将 spark 数据帧转换为 pandas 数据帧,以便更轻松地完成处理和可视化。

df = df.toPandas()

显示原始数据

使用 display 浏览原始数据,执行一些基本统计操作并显示图表视图。 请注意,首先需要导入所需的库,例如 NumpyPnadasSeaborn,以及用于数据分析和可视化的 Matplotlib

import seaborn as sns
sns.set_theme(style="whitegrid", palette="tab10", rc = {'figure.figsize':(9,6)})
import matplotlib.pyplot as plt
import matplotlib.ticker as mticker
from matplotlib import rc, rcParams
import numpy as np
import pandas as pd
import itertools
display(df, summary=True)

使用数据整理器执行初始数据清理

若要浏览和转换笔记本中的任何 pandas 数据帧,请直接从笔记本启动数据整理器。

注意

当笔记本内核繁忙时,无法打开数据整理程序。 在启动数据整理器之前,单元执行必须已完成。

  1. 在笔记本功能区“数据”选项卡下,选择“启动数据整理器”。 你将看到可供编辑的已激活 pandas 数据帧的列表。
  2. 选择要在数据整理器中打开的数据帧。 由于此笔记本仅包含 df 这一个数据帧,因此请选择 df

屏幕截图显示如何从笔记本启动数据整理器。

数据整理器将启动并生成数据的描述性概述。 中间的表将显示每个数据列。 表旁边的“摘要”面板显示有关数据帧的信息。 在表中选择列时,摘要会更新包含有关所选列的信息。 在某些情况下,显示和汇总的数据将是数据帧的截断视图。 如果发生这种情况,你将在“摘要”窗格中看到警告图像。 将鼠标悬停在此警告上可以查看说明情况的文本。

屏幕截图显示数据整理器概述。

你执行的每个操作只需单击便可应用,实时更新显示的数据并生成可作为可重用函数保存回笔记本的代码。

本部分的其余部分将指导你完成使用数据整理器执行数据清理的步骤。

删除重复行

左侧面板中是可以对数据集执行的操作(如查找和替换格式公式数值)的列表。

  1. 展开“查找并替换”并选择“删除重复行”。

    屏幕截图显示“查找和替换”下的“删除重复行”。

  2. 此时会显示一个面板,用于选择要比较的列列表以定义重复行。 选择 RowNumberCustomerId

    中间面板中是此操作结果的预览。 预览版下是执行操作的代码。 在此实例中,数据似乎保持不变。 但是,由于你查看的是截断的视图,因此最好仍然应用该操作。

    屏幕截图显示在数据整理器中删除重复行。

  3. 选择“应用”(位于侧边或底部),转到下一步。

删除缺少数据的行

使用数据整理器删除所有列缺少数据的行。

  1. 从“查找和替换”中选择“删除缺失值”。

  2. 从“目标”列中选择“全选”。

    屏幕截图显示在数据整理器中删除缺少数据的行。

  3. 选择“应用”,转到下一步。

删除列

使用数据整理器删除不需要的列。

  1. 展开“架构”并选择“删除列”。

  2. 选择 RowNumberCustomerIdSurname。 这些列在预览中显示为红色,表示它们已被代码更改(在本例中为已删除)。

    屏幕截图显示在数据整理器中删除列。

  3. 选择“应用”,转到下一步。

将代码添加到笔记本

每次选择“应用”时,都会在左下角的“清理步骤”面板中创建一个新步骤。 在面板底部,选择“预览所有步骤的代码”以查看所有单独步骤的组合。
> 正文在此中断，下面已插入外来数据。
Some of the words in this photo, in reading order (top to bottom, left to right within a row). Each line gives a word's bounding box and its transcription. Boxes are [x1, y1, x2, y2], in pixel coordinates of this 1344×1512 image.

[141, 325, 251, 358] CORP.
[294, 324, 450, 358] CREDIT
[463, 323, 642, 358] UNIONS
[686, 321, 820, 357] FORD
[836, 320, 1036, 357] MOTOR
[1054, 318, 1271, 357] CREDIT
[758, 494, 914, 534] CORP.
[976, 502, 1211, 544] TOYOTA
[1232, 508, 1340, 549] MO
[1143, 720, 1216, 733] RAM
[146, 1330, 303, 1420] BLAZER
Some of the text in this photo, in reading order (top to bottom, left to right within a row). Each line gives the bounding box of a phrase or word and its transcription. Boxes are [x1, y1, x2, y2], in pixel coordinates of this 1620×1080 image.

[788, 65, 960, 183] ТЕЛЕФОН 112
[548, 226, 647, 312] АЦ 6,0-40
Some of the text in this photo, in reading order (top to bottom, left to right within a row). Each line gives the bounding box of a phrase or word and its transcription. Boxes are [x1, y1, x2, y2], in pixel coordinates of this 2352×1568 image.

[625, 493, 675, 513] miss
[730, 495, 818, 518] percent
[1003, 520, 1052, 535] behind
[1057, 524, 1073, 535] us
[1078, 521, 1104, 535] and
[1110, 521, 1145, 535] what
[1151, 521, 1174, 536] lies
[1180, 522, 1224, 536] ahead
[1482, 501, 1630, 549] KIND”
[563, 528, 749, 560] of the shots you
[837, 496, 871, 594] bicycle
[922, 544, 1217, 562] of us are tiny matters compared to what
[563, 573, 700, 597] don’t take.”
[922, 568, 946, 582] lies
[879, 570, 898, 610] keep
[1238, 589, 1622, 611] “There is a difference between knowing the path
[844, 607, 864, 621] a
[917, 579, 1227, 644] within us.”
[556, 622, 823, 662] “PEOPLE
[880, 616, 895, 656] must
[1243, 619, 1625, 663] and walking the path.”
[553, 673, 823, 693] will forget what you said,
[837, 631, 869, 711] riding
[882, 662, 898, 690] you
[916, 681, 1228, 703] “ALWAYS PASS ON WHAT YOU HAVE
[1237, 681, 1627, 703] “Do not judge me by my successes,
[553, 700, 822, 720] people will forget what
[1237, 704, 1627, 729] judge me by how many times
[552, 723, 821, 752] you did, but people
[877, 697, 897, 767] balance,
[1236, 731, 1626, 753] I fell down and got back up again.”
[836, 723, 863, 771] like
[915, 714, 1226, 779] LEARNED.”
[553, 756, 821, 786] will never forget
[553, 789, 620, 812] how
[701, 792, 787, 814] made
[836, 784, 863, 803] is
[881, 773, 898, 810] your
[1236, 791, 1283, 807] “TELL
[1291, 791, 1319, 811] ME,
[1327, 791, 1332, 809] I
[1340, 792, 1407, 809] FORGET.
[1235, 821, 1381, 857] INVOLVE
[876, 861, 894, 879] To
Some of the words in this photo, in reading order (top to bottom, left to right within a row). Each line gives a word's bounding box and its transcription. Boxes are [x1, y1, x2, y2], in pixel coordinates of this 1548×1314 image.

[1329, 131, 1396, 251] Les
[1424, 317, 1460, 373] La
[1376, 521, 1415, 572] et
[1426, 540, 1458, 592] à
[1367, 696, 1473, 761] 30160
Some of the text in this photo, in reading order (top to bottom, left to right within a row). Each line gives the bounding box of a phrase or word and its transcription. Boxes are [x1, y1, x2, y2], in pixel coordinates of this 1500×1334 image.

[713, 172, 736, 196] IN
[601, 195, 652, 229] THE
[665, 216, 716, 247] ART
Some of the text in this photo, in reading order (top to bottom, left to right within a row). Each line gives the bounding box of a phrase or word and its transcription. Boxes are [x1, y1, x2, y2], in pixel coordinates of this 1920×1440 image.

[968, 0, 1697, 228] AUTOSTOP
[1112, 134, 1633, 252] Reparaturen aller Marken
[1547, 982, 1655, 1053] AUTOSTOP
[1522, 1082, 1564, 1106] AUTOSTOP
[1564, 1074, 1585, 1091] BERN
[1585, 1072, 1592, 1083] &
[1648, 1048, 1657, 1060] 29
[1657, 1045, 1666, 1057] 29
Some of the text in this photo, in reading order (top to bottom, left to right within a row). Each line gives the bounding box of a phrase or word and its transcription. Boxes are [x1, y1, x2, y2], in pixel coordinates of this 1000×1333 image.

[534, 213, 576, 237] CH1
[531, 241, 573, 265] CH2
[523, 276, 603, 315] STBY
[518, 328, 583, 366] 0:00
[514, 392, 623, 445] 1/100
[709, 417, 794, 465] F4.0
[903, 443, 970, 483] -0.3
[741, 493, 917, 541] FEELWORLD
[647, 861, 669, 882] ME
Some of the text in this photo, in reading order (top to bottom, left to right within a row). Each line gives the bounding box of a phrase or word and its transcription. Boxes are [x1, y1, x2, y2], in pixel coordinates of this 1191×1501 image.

选择左上角的“向笔记本添加代码”以关闭数据整理器并自动添加代码。 “将代码添加到笔记本”将代码包装在函数中,然后调用该函数。

屏幕截图显示预览代码以及在何处访问“添加到笔记本”。

提示

在手动运行新单元格之前,不会应用数据整理器生成的代码。

如果未使用数据整理器,可以改用下一个代码单元。

此代码与数据整理器生成的代码类似,但会将参数 inplace=True 添加到每个生成的步骤中。 通过设置 inplace=True,pandas 将覆盖原始的数据帧,而不是生成新的数据帧作为输出。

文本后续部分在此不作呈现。